Thatcherism: A Historical Perspective

Chapter:
(p.214) Chapter 8 Thatcherism: A Historical Perspective
Source:
Ideologies of Conservatism
Author(s):

E. H. H. GREEN

Publisher:
Oxford University Press
DOI:10.1093/acprof:oso/9780198205937.003.0009

Thatcherism came to dominance in the Conservative Party after 1975 had been prevalent amongst the middle and lower ranks of the party since the end of the Second World War.

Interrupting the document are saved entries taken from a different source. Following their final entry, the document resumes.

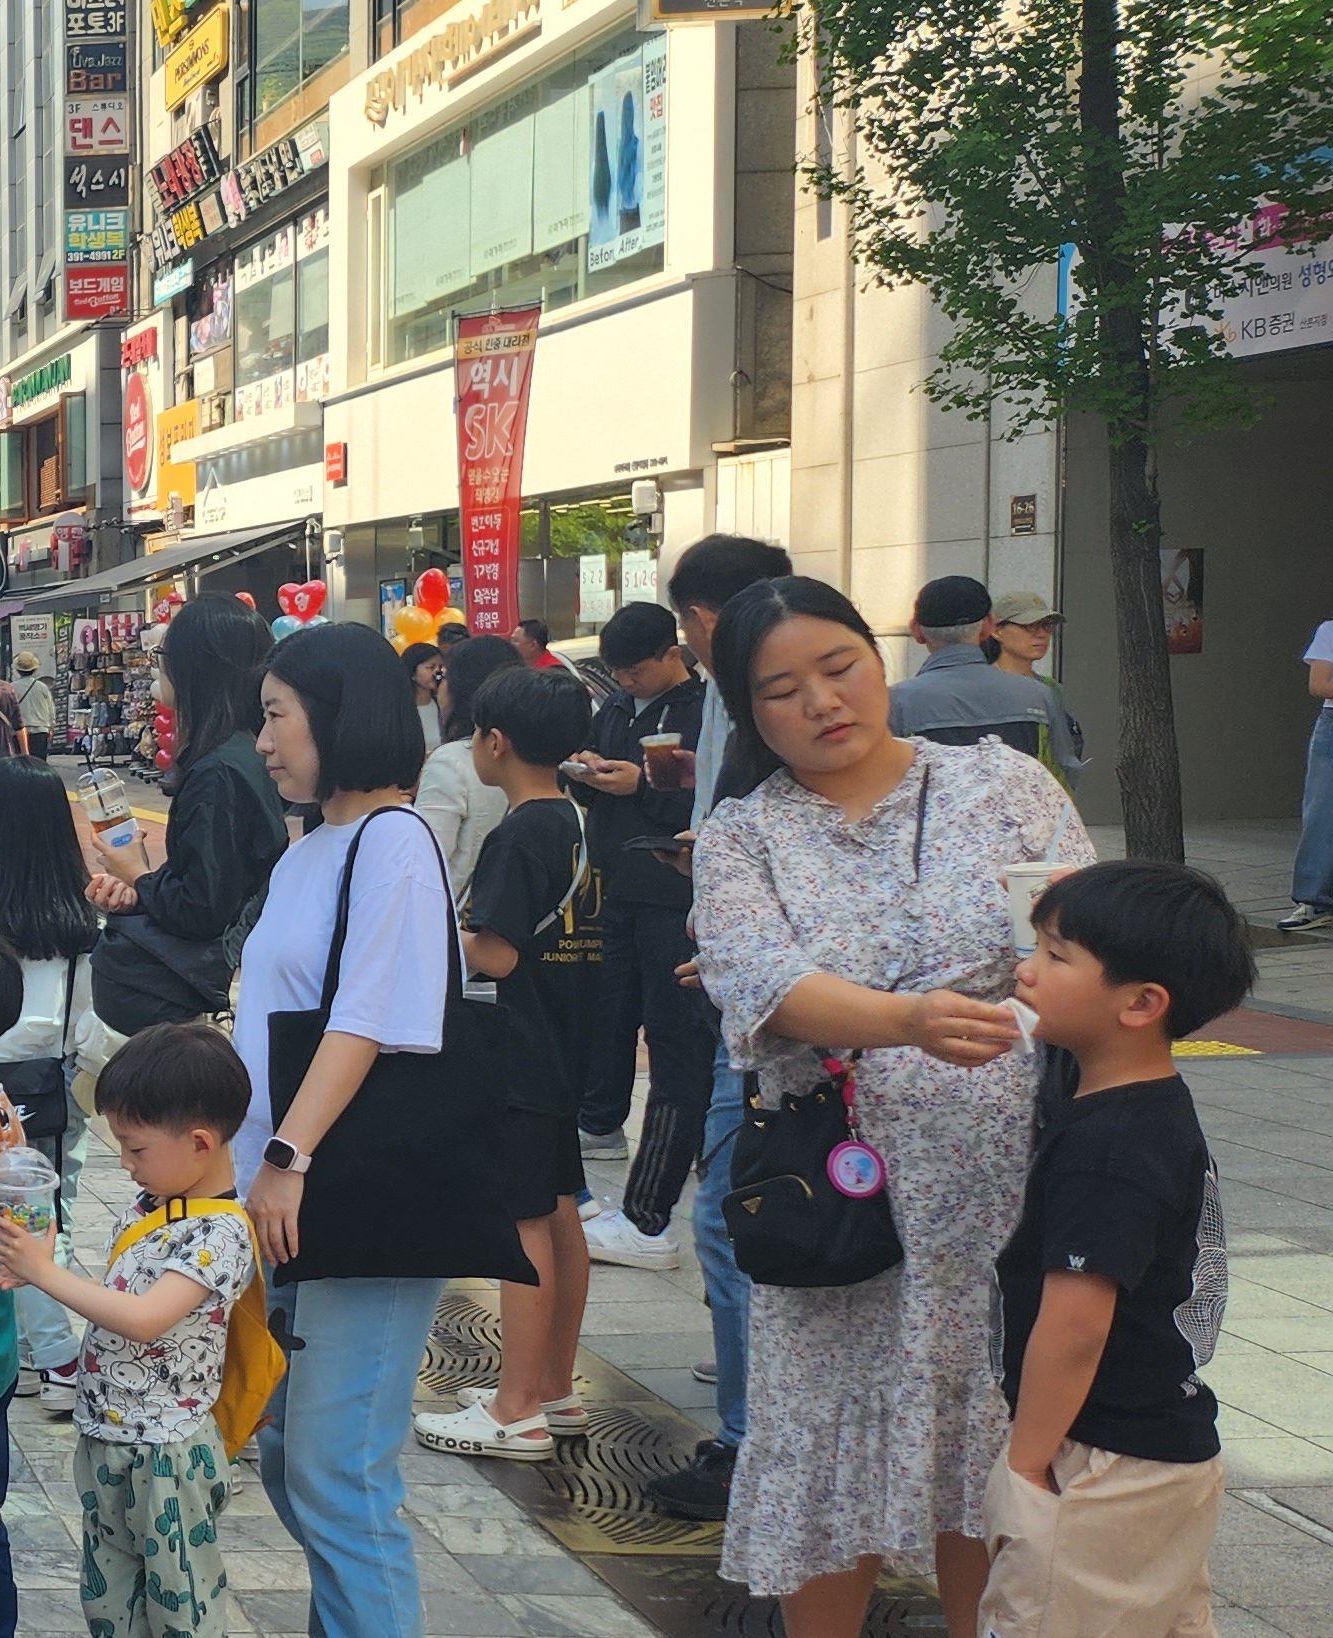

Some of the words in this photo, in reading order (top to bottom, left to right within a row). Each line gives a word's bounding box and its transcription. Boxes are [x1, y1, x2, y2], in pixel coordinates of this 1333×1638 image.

[97, 53, 122, 67] Jazz
[69, 69, 122, 92] Bar
[68, 103, 81, 114] 3F
[92, 101, 124, 112] 스튜디오
[69, 116, 124, 150] 댄스
[68, 212, 124, 232] 유니크
[68, 231, 124, 249] 학생복
[112, 250, 126, 261] 2F
[69, 277, 124, 294] 보드게임
[463, 337, 482, 353] 공식
[471, 356, 519, 399] 역시
[464, 400, 520, 461] SK
[425, 1431, 483, 1453] crocs

Despite the electoral success of the Conservative party since the 1945 defeat, and the adoption of the ‘post-war consensus’, the 1950s saw increasing concerns expressed by the party rank and file on inflation, trade union power, levels of taxation, and the perceived lack of policies in the Conservative party to deal with these issues. The initial actions of the 1970 Heath administration following the Selsdon Park conference appeared finally to start to address them. However, the subsequent policy ‘U turn’ and disappointment of electoral defeat in 1974 then paved the way for the election of Margaret Thatcher, the champion of the Conservative rank and file and the ideology that now bears her name.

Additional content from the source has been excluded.